私は、今から20年ほど前に、アメリカの大学院に留学し放送ジャーナリズムを学んでいました。大学院修了時に卒業論文ならぬ「卒業ニュースパッケージ」として1本何かニュース番組を制作しなければなりませんでした。カメラを持ってインタビューし関連映像を撮影、編集―と、ひとりで全部こなさなければなりません。「何を題材に取材しよう」と悩んだ挙句、私も大のブルース・リーファン、コレクターでもあったので、「そうだ、ジェフさんにインタビューしよう」ということで、事前に彼にメールで取材の申し込みをしました。ジェフ・チンさんのことは、かの有名なブルース・リーのポスター・チラシ・雑誌など主要なコレクションを収録した書籍『ブルース・リー超全集』(白夜書房発行)で記事が掲載されており、知ってはいました。その書籍に、ジェフさんの『「ブルース・リー超全集」のための論説』と題する投稿が掲載されており、彼のメールアドレスも載っていたので、連絡できました。すぐ取材OKの返事を出してくれたので、インタビューが実現したわけです。
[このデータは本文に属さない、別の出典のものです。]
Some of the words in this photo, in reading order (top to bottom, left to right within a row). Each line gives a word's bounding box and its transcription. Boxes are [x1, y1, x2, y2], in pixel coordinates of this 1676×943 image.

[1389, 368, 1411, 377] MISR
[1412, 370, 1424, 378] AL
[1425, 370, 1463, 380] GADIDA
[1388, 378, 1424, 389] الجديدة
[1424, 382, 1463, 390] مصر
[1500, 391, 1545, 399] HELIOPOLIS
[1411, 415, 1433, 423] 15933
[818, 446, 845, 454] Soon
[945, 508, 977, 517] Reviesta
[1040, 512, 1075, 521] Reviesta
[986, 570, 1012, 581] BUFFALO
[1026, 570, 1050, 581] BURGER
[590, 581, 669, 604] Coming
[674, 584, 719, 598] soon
■ブルース・リーの青功夫着は残念ながらお目にかかれずも、貴重な夢のような体験
ジェフさんは、当時1人の日本人留学生だった私を、快く迎えてくれました。自宅にある、一面コレクションでいっぱいの「ブルース・リー・ルーム」に案内され、そこにはポスター、雑誌のみならず、ブルース・リーのジークンドー師範時代に作られた名刺などなかなかお目にかかれない貴重な遺品も見せてくれました。ジェフさんが所有するご自慢の一品である、ブルース・リーが「燃えよドラゴン」で実際に着ていた青の功夫着(有名な「考えるな、感じるんだ!(Don’t think. Feeeeeeeel!)」の名台詞を出すシーンで着ていました)も見せてほしかったのですが、当時はブルース・リー25回忌前後の時期で「ワーナーブラザーズに展示物として貸しているところで、現在ここにはないんだ」と言われ、ちょっとがっかり。でも、こんなに多くのグッズを見ることができたのは、貴重な夢のような体験だったと思います。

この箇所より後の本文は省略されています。